Normalization and pre-processing of DNA methylation data

We normalized the raw methylation intensities (log2 green vs. red channel ratio) for each probe by subtracting the overall median and then dividing by the probe’s GC-content specific standard deviation, which is the standard deviation of all the probes whose sequence has the same number of G and C nucleotides as the target probe. We then smoothed the normalized scores using a local linear kernel smoother, as in Fan and Gijbels (1996), over the probe locations. For a given gene, its methylation score was then calculated by taking the area under the smoothed curve, truncated at zero, over a 500 bp window around the transcription start site of the gene, and then dividing by the percentage of CpG dinucleotides in the DNA sequence within the window and the number of probes having positive scores within the window.

Biostatistical methods and pathway analysis

We identified the genes associated with the MAP kinase and NF-κB signaling pathways using the BioCarta reference website. Since the outcome (gene methylation) is high dimensional, we employed a canonical-correlation-analysis (CCA)-based approach, which is a type of extension of the usual regression model for multiple outcomes. Under this approach, to adjust for confounders, we first regressed each of the exposures of interest, and the outcomes of interest, on the set of confounders, and then used the residuals from these regressions in the analysis.

For each gene pathway, we performed three analyses. We studied the association of the gene methylations in the pathway with (i.) BC exposure alone, adjusting for age, blood pressure, smoking status, blood cell composition, and sulfate exposure as confounders, (ii.) the association of gene methylation with sulfate alone, adjusting for the aforementioned confounders and BC exposure, and (iii.) joint association modeling in which we studied the association of the pathway with both BC and sulfate exposure jointly (while adjusting for all other confounders). Our goal was to identify exposure-specific effects, but also to identify the effect of air pollution in the more realistic scenario in which people are exposed to both pollutants.

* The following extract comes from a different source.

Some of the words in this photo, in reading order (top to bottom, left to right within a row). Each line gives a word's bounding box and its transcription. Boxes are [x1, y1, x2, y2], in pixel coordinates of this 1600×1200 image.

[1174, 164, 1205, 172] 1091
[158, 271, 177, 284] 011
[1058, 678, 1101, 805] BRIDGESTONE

As mentioned above, we used a sparse forward stepwise-CCA method to identify specific genes that contribute to the association between the exposure and the DNA methylation status in the gene pathway. In short, the exposure set is held fixed, while at each step, the gene methylation score that contributes most to the association (between the gene set and the exposure) is selected. Genes are added to the set until a score is maximized. The association between the exposure and methylations is measured using the canonical correlation between the two sets, namely X and Y. The canonical correlation is given by cor(Xa, Yb), where a and b are weight vectors (also called loading vectors), with lengths representing the number of measures in the exposures (pollutants) as “set X,” and the outcomes (gene methylations) as “set Y,” which are calculated to maximize the canonical correlation under the constrain a Tcov(X)a =1b Tcov(Y)b =1. Each entry in a is a weight corresponding to a specific pollutant (exposure), and each entry in b is a weight corresponding to a specific gene methylation measure. The larger the weight (in absolute value), the larger the influence of the variable it represents on the canonical correlation.

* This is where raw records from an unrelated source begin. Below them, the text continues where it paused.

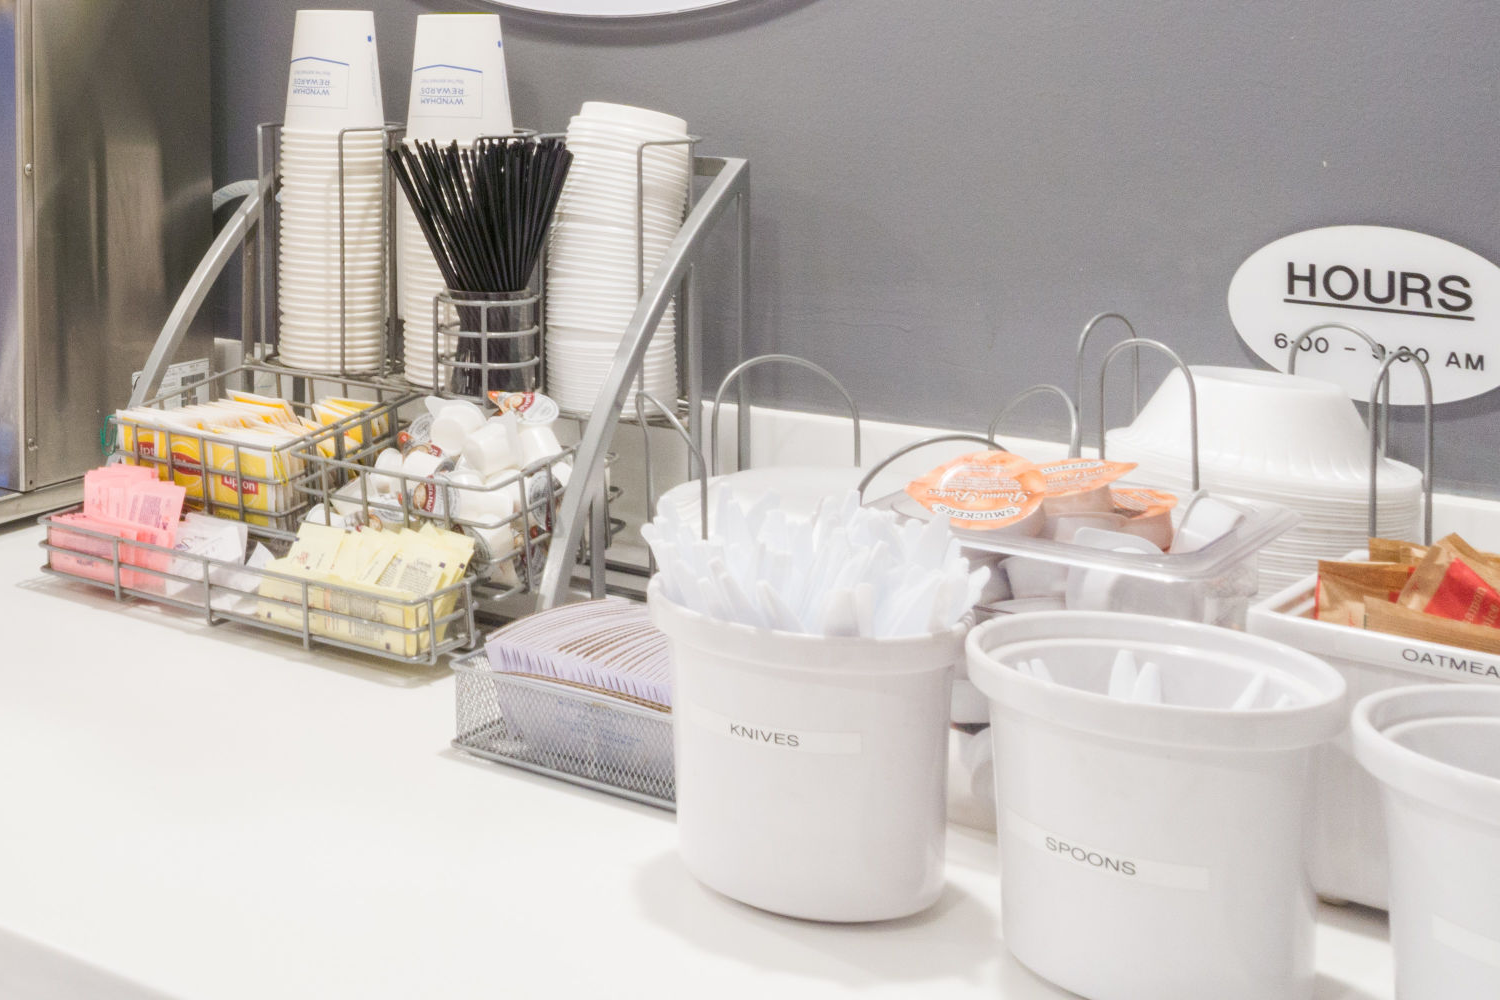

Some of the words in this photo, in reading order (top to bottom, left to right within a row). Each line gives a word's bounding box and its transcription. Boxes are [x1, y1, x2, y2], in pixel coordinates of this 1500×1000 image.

[421, 87, 464, 95] REWARDS
[421, 97, 464, 105] WYNDHAM
[1287, 262, 1474, 313] HOURS
[1274, 332, 1329, 354] 6:00
[1445, 352, 1485, 372] AM
[1402, 648, 1500, 679] OATMEA
[729, 722, 800, 748] KNIVES
[1045, 836, 1137, 876] SPOONS

The score used as a criterion to select genes was the empirical CIC (Correlation Information Criterion), which takes the correlation between the identified set of genes and the exposures and removes the 99th percentile of this distribution under the null. This distribution was determined by 1000 random samples for each combination of 1 or 2 exposures (depending on the particular exposure model of interest) and any number of “outcomes” (1, 2, 3, 4, .…, number of genes in the pathway under study).

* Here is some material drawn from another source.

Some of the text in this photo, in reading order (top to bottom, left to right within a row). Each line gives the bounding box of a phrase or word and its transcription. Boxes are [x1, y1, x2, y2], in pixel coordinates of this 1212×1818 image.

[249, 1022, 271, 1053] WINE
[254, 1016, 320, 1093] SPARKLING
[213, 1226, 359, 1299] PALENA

To test the significance of the canonical correlation between the set selected (set of “outcomes” and the set of exposures) we used the Wilks’ Lambda tests statistic, applied with a permutation procedure. The Wilks’ Lambda given by the ratio det(cov(X,Y))/[det(cov(X))det(cov(Y))], where det(C) is the determinant of a matrix C, and (X,Y) is the data matrix of both the exposures X and the outcomes Y, is used to test the null hypothesis of no association between two data matrices X and Y. It cannot be used on the selected data because the variable selection method (stepwise-CCA) was applied, changing the null distribution of the correlation between the outcomes and the exposures. Thus we permuted the exposure data while holding the methylation scores for all genes in the pathway, fixed 3000 times, then performed the stepwise analysis on the permuted data, and finally computed the Wilks’ Lambda statistic for the exposure and genes identified by the stepwise-CCA method. The P-value for the true exposure is the proportion of permuted exposures with a lower Wilks’ Lambda P-value than the one for the true exposure.

Bioinformatic visualization of an integrated MAPK network

Pathways from the hiPathDb [45] Integrated database were selected to link all BioCarta MAPK genes; these pathways included the KEGG [46, 47] ErbB signaling and MAPK signaling pathways (path:hsa04010 and path:hsa0401, respectively), in addition to the BioCarta MAPK signaling pathway (pid p 100113 mapkpathway). The integrated pathways were downloaded in XML format and imported into Cytoscape [48]. All non-gene nodes were removed by hand, and the network was restricted to second neighbors of the BioCarta MAP kinase genes. Supernodes with only a single connection or only single direction edges were removed, and redundant supernode-to-supernode connections were simplified whenever possible; self-directed loops and redundant edges of the same direction were also removed. Nodes were annotated by fill-color with methylation coefficients on a truncated scale of −1.5 to 1.5, as shown in the legend.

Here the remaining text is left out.